**** DATA RECORDS ****
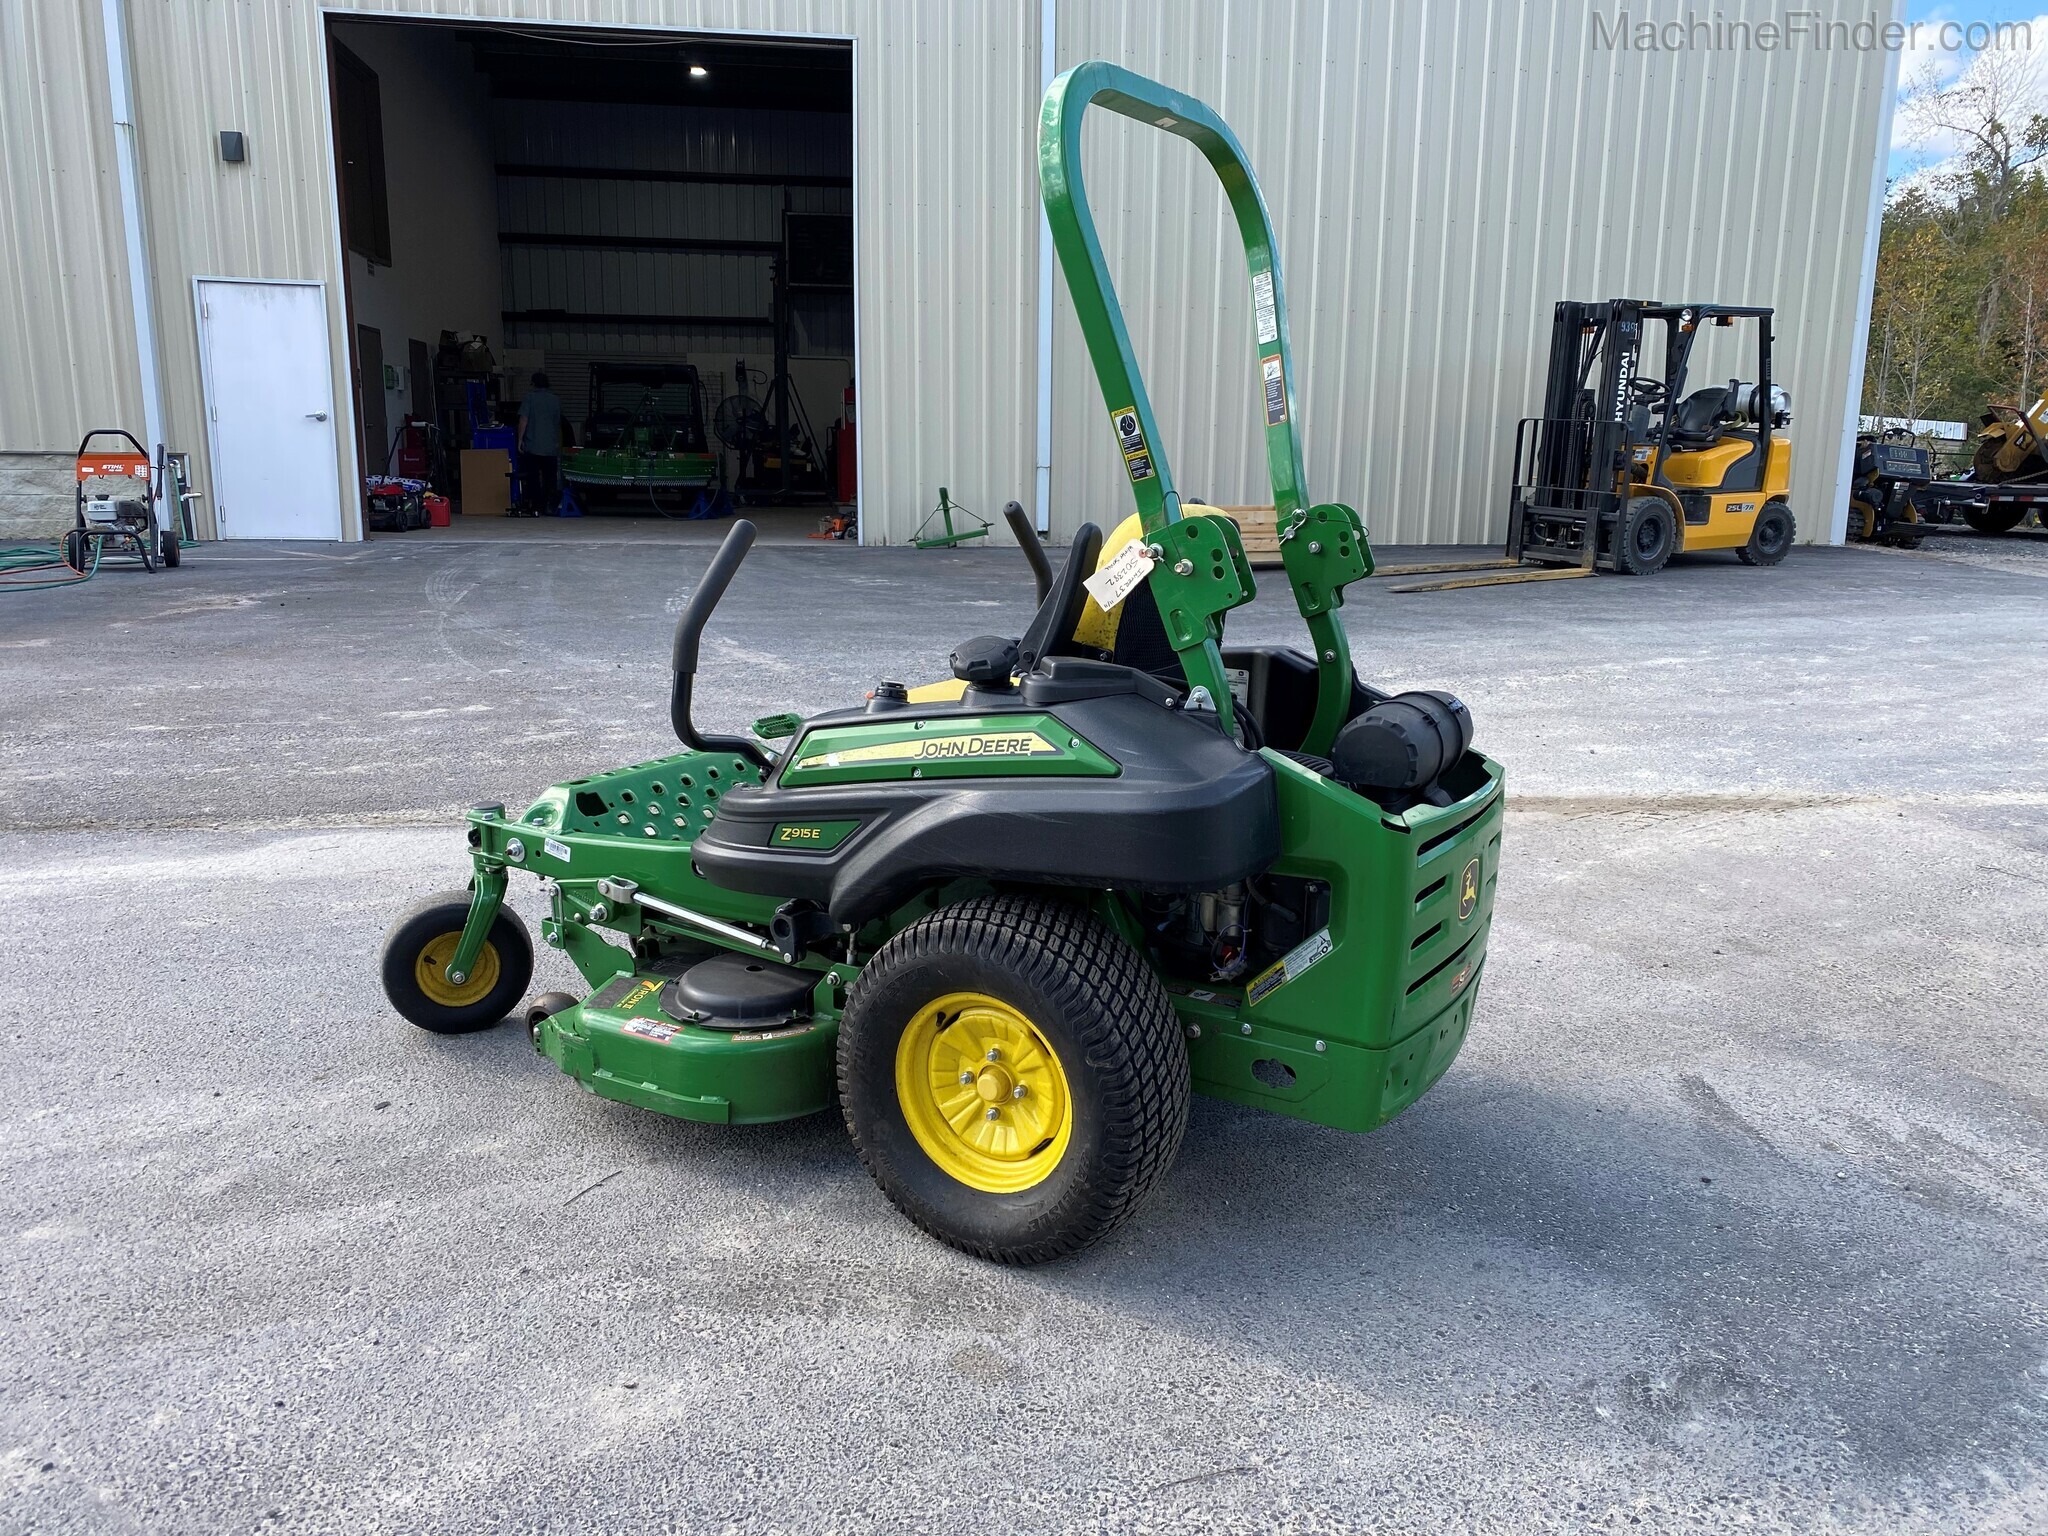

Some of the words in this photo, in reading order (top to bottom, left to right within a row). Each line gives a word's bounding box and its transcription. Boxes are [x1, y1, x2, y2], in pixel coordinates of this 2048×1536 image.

[1615, 352, 1629, 421] HYUNDAI
[915, 740, 965, 757] JOHN
[968, 738, 1033, 756] DEERE
[781, 828, 820, 840] Z915E
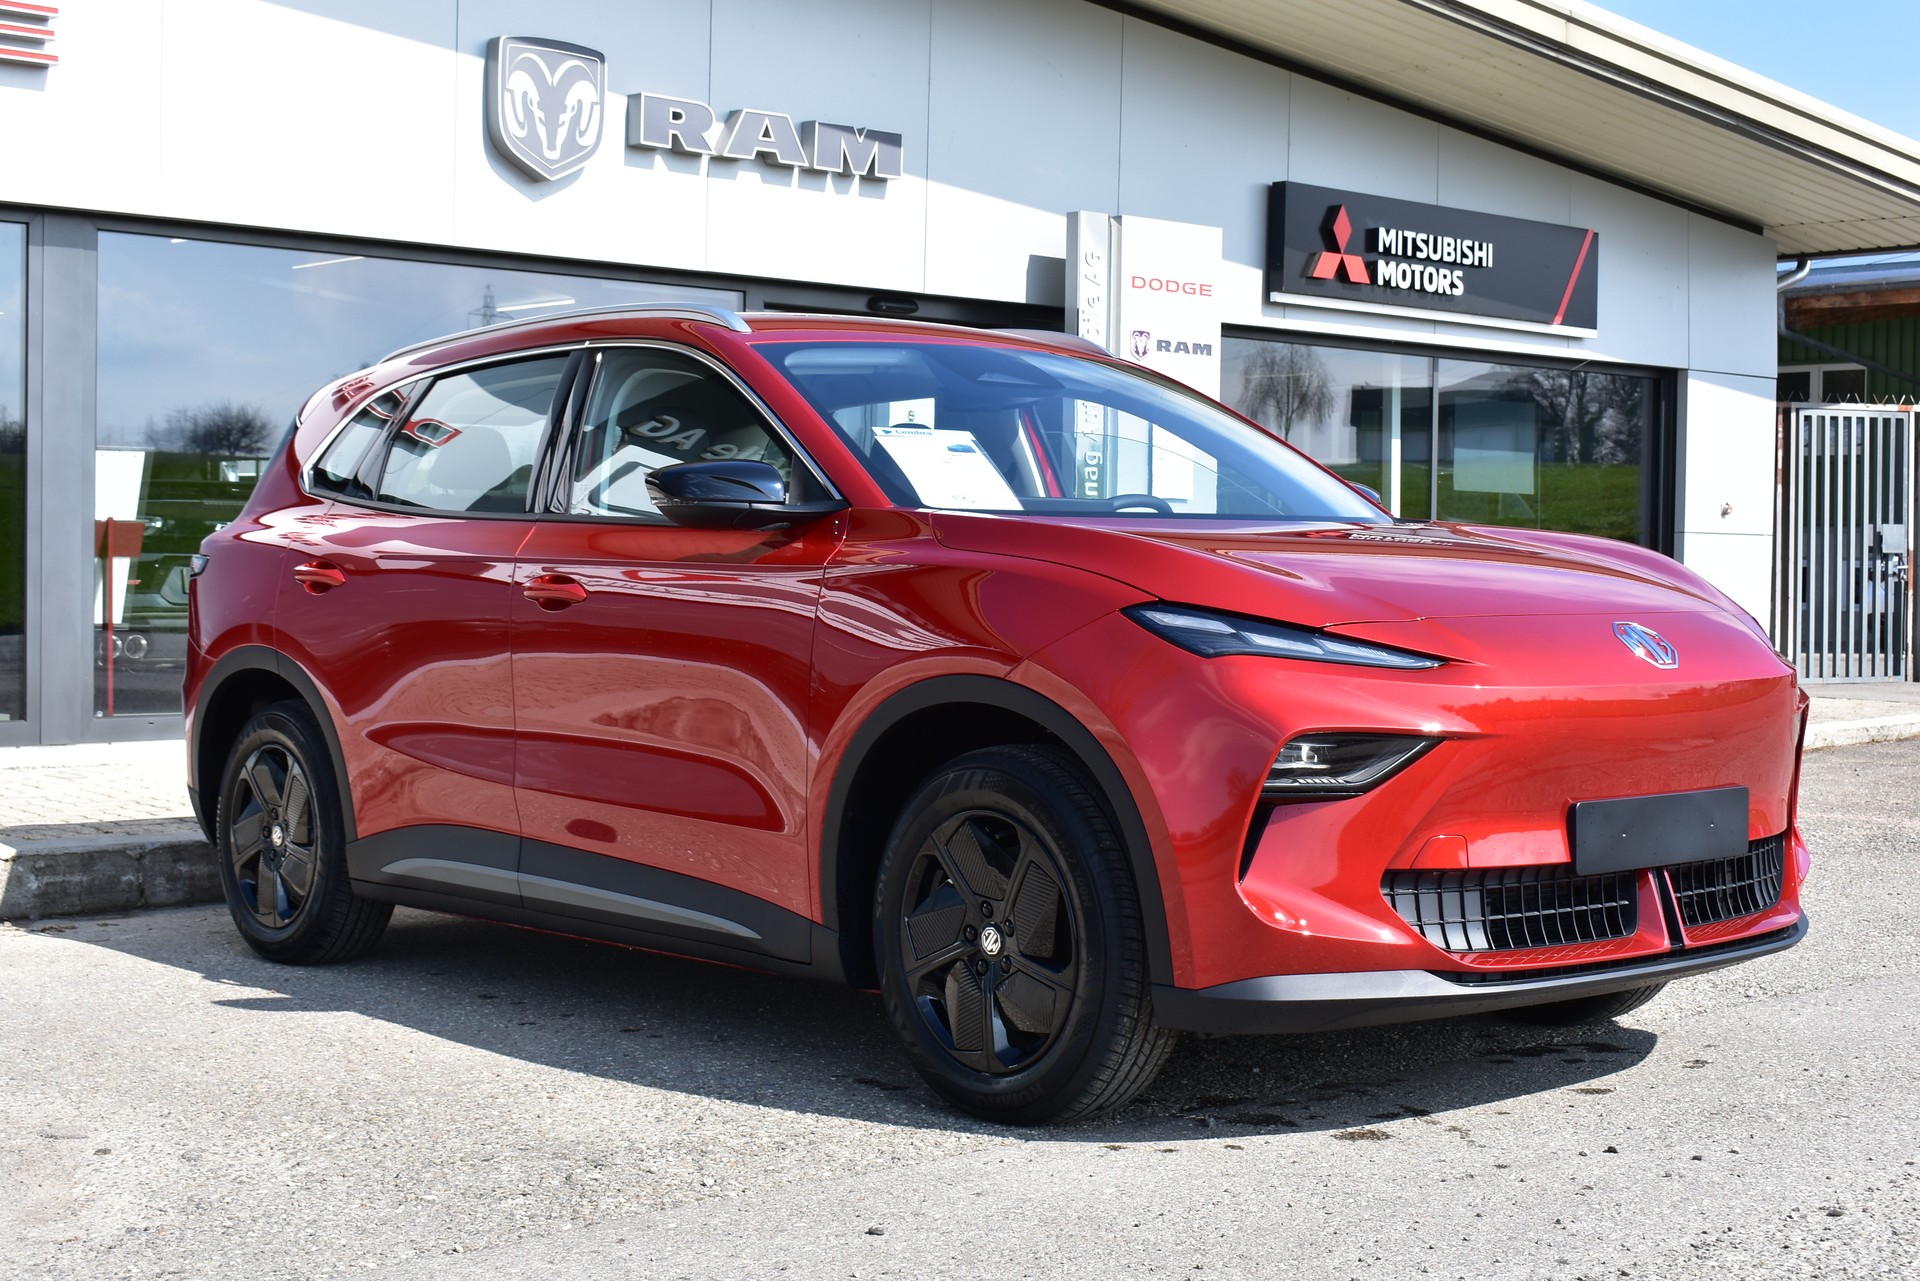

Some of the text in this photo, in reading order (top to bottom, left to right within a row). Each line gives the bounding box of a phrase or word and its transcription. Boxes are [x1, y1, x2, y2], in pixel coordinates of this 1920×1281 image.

[628, 92, 903, 180] RAM
[1377, 226, 1494, 268] MITSUBISHI
[1131, 275, 1213, 297] DODGE
[1376, 259, 1465, 296] MOTORS
[1156, 339, 1213, 357] RAM
****
WHAT IS BEING ASKED: Transcribe the data word for word, with no images.

EXERCISE OUTPUT:
Some of the words in this photo, in reading order (top to bottom, left to right within a row). Each line gives a word's bounding box and its transcription. Boxes are [x1, y1, x2, y2], in pixel coordinates of this 2048×1536 image.

[1615, 352, 1629, 421] HYUNDAI
[915, 740, 965, 757] JOHN
[968, 738, 1033, 756] DEERE
[781, 828, 820, 840] Z915E

Some of the text in this photo, in reading order (top to bottom, left to right within a row). Each line gives the bounding box of a phrase or word and its transcription. Boxes are [x1, y1, x2, y2], in pixel coordinates of this 1920×1281 image.

[628, 92, 903, 180] RAM
[1377, 226, 1494, 268] MITSUBISHI
[1131, 275, 1213, 297] DODGE
[1376, 259, 1465, 296] MOTORS
[1156, 339, 1213, 357] RAM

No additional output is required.